President of Georgetown

In 1799, Bishop John Carroll recalled Neale from Philadelphia, to replace Louis William Valentine DuBourg as president of Georgetown College in Washington, D.C. He officially assumed the office on March 30, 1799. In addition to his duties as president, Neale acted as a tutor at the college for several years. He was the first president to comply with the requirement set by the college's board of director's that the president live at the college. Authority over the college's finances rested with the vice president, Neale's brother, Francis. The financial conditions of the still-nascent college were unsteady; as a result, Old North remained unfinished, money for food was not guaranteed, and Neale slept on a folding bed in the library.

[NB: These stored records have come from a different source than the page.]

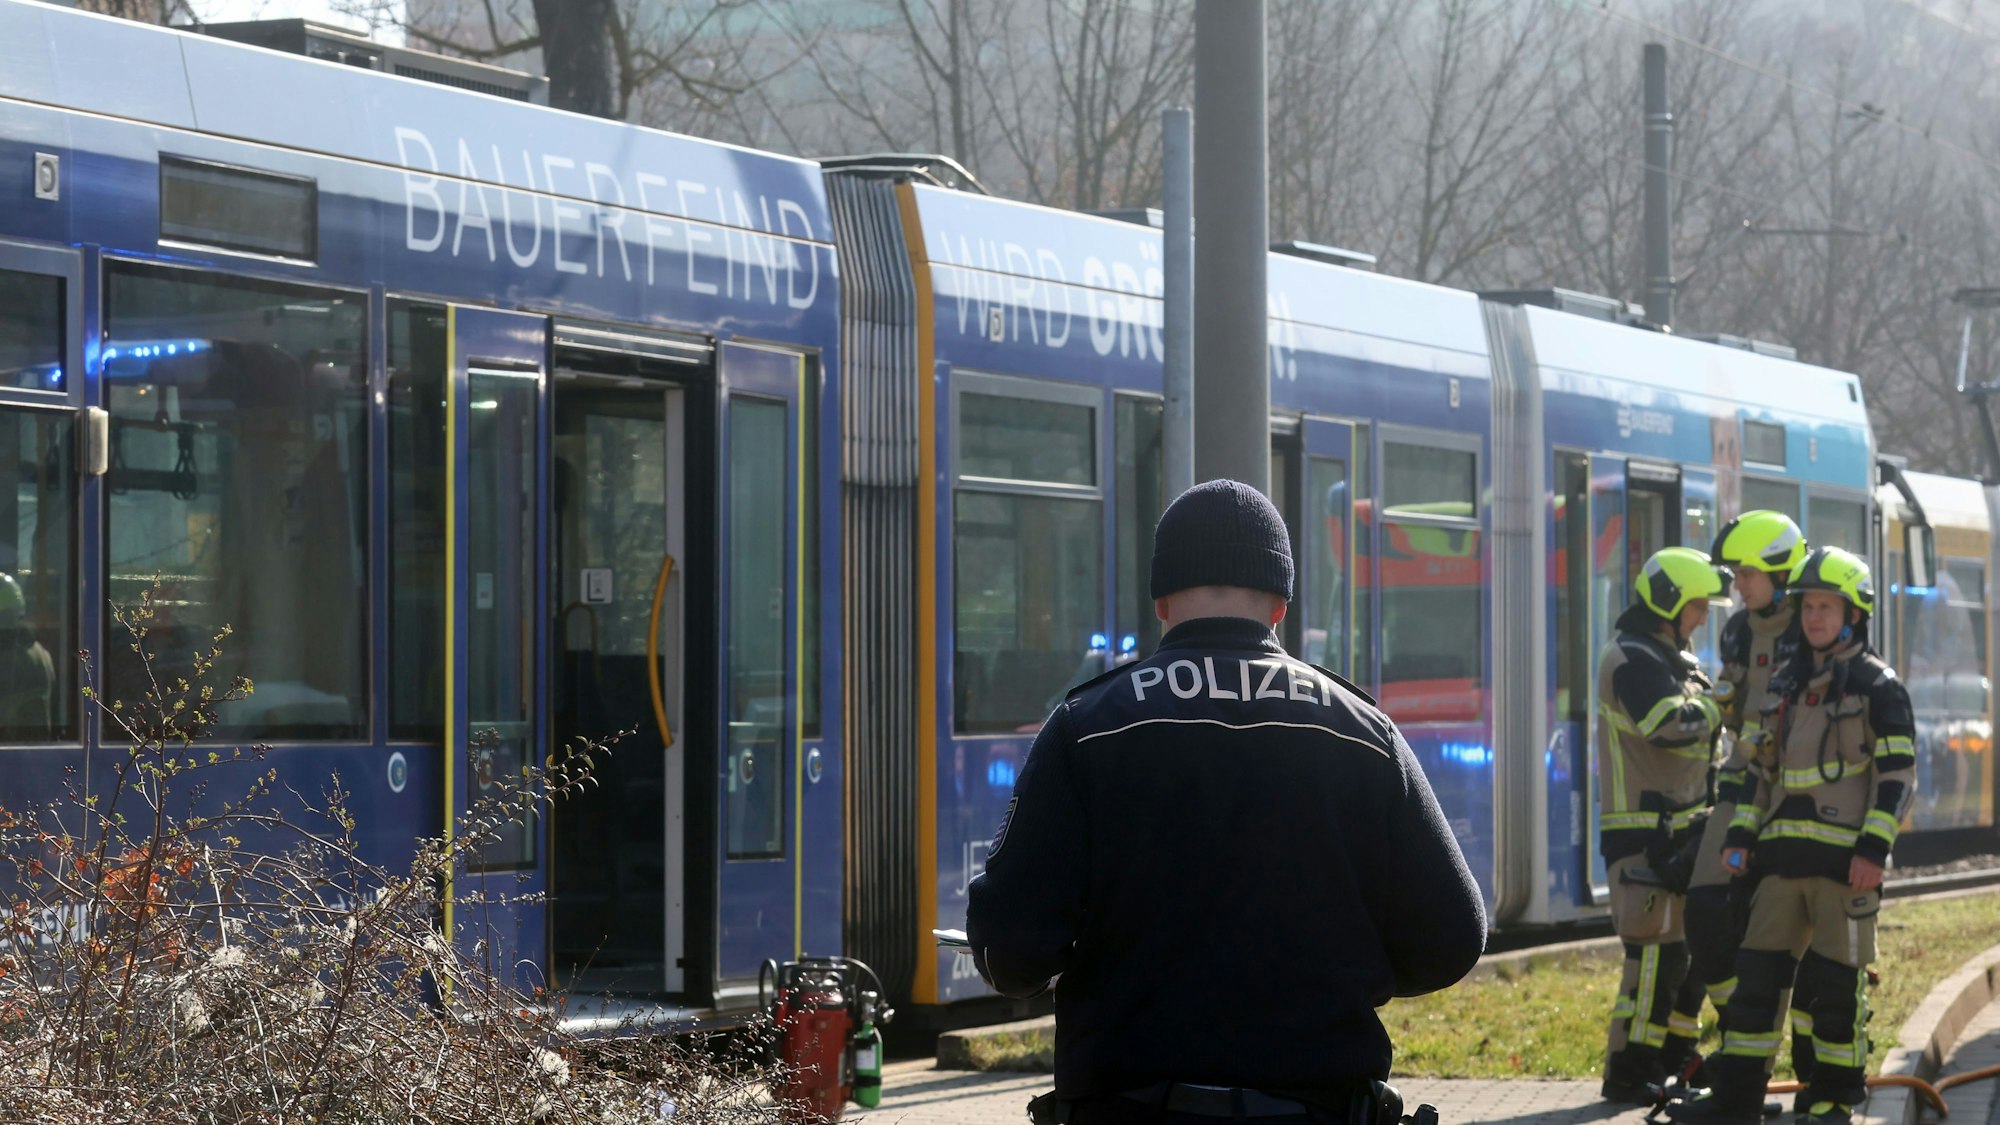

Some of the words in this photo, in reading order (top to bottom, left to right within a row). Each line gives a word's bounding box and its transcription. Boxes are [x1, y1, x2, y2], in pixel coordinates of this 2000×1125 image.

[394, 126, 819, 309] BAUERFEIND
[941, 231, 1072, 349] WIRD
[1130, 656, 1332, 707] POLIZEI
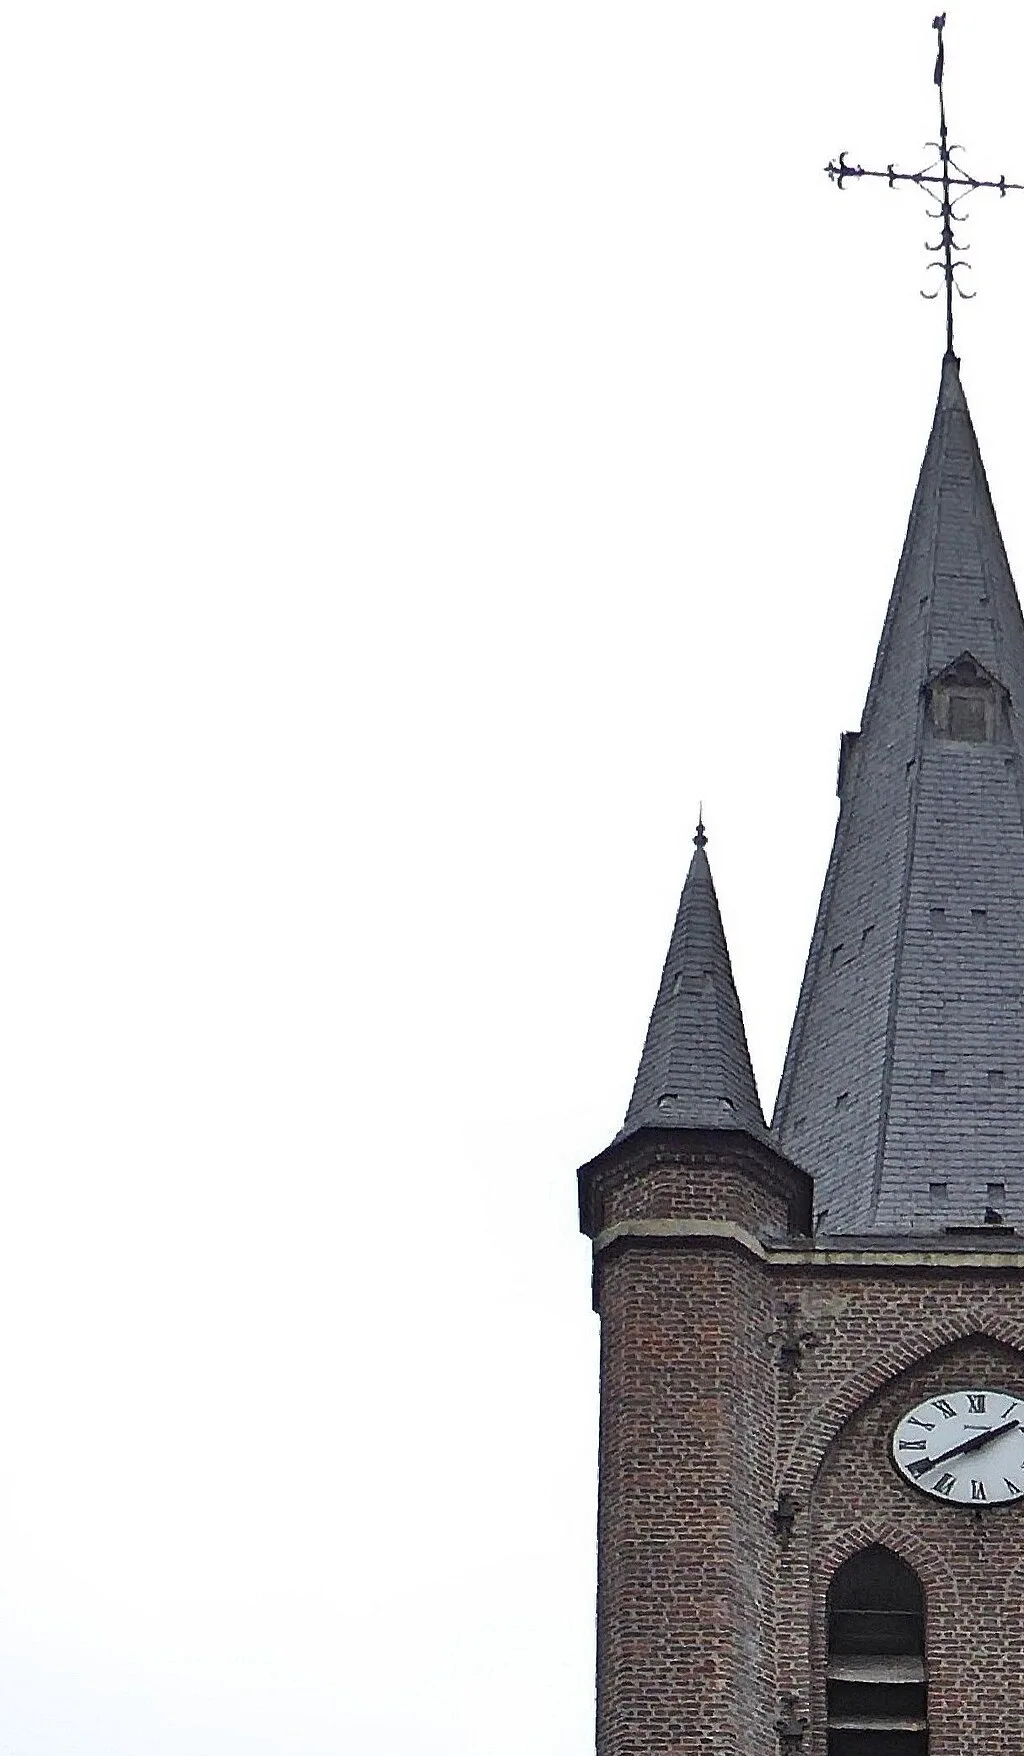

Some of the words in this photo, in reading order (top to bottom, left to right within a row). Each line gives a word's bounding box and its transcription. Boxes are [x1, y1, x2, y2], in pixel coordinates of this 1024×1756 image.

[931, 1399, 957, 1419] XI
[966, 1394, 986, 1414] XII
[1001, 1402, 1018, 1418] I
[907, 1416, 935, 1431] X
[898, 1439, 927, 1450] IX
[970, 1479, 987, 1500] VI
[1002, 1477, 1021, 1494] V
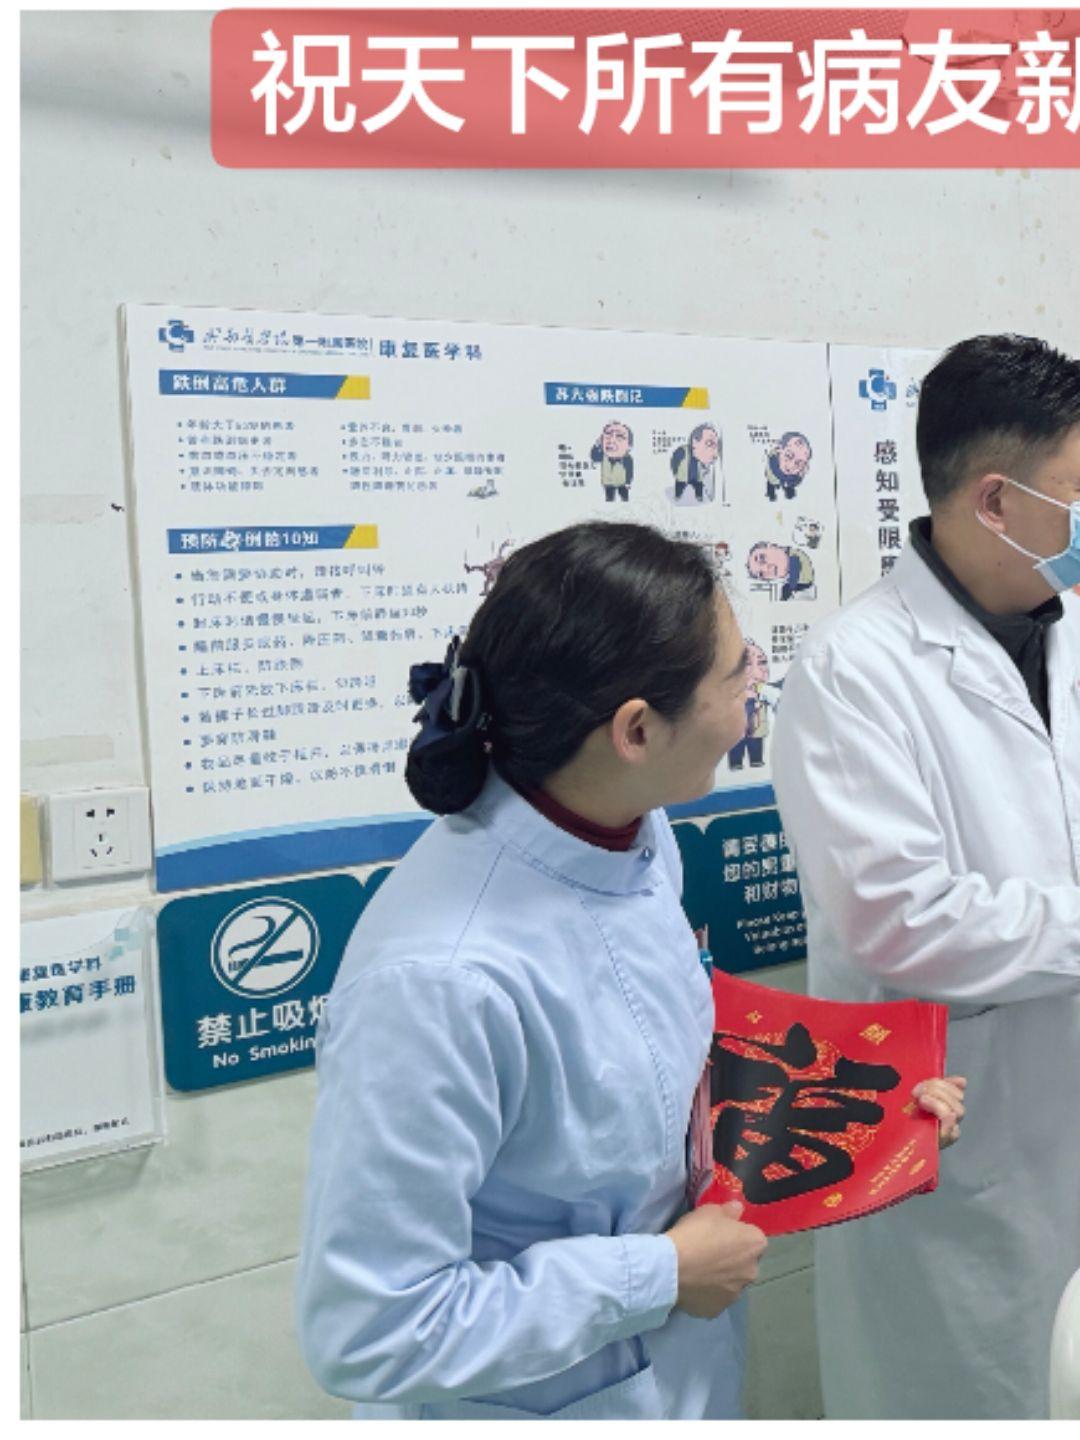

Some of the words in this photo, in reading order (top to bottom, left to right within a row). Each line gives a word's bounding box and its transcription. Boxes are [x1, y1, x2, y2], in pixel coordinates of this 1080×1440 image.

Neale's overall leadership of the college was considered lacking. As his brother later would, Neale instituted strict discipline among the students, adopting a quasi-monastic regimen. He also segregated the seminary candidates from the lay students; the Catholic students were also segregated from the many non-Catholic students, who were housed off-campus. Neale's imposition of strict discipline drew the criticism of John Carroll, who believed that it was dissuading parents from sending their sons to the college, as the prevailing American spirit of liberty was unaccustomed to such strictures. Nonetheless, while the overall number of enrolled students decreased, Georgetown produced a considerable number of Jesuit novices during his tenure.

Neale phased out the lay faculty so that all the professors were either Jesuits, Sulpicians, secular priests, or seminarians. He also expanded the course of studies by adding philosophy, the final course in the full Jesuit curriculum. This was done both to fulfill the college's earlier prospectus that claimed it would offer philosophy, and because DuBourg sought to expand St. Mary's Seminary in Baltimore to include the comprehensive education of lay students; both Neale and Carroll feared that this would draw students away from Georgetown. The college began teaching philosophy in 1801, making it a full college in the view of the Jesuit curriculum. Neale's tenure as president of the college came to an end in 1806, and he was succeeded by Robert Molyneux.

According to one historical legend among the Jesuits and slaves of Maryland, President George Washington underwent a deathbed conversion while he was attended by Neale. The story holds that Neale was summoned by Washington and taken by rowboat from St. Thomas Manor to Mount Vernon. There, Neale heard Washington's confession and conditionally baptized him, receiving him into the Catholic Church. One Catholic historian, Martin I. J. Griffin, concluded that this legend was likely untrue, and written accounts by those present at Washington's final hours make no mention of a minister of any religion being present.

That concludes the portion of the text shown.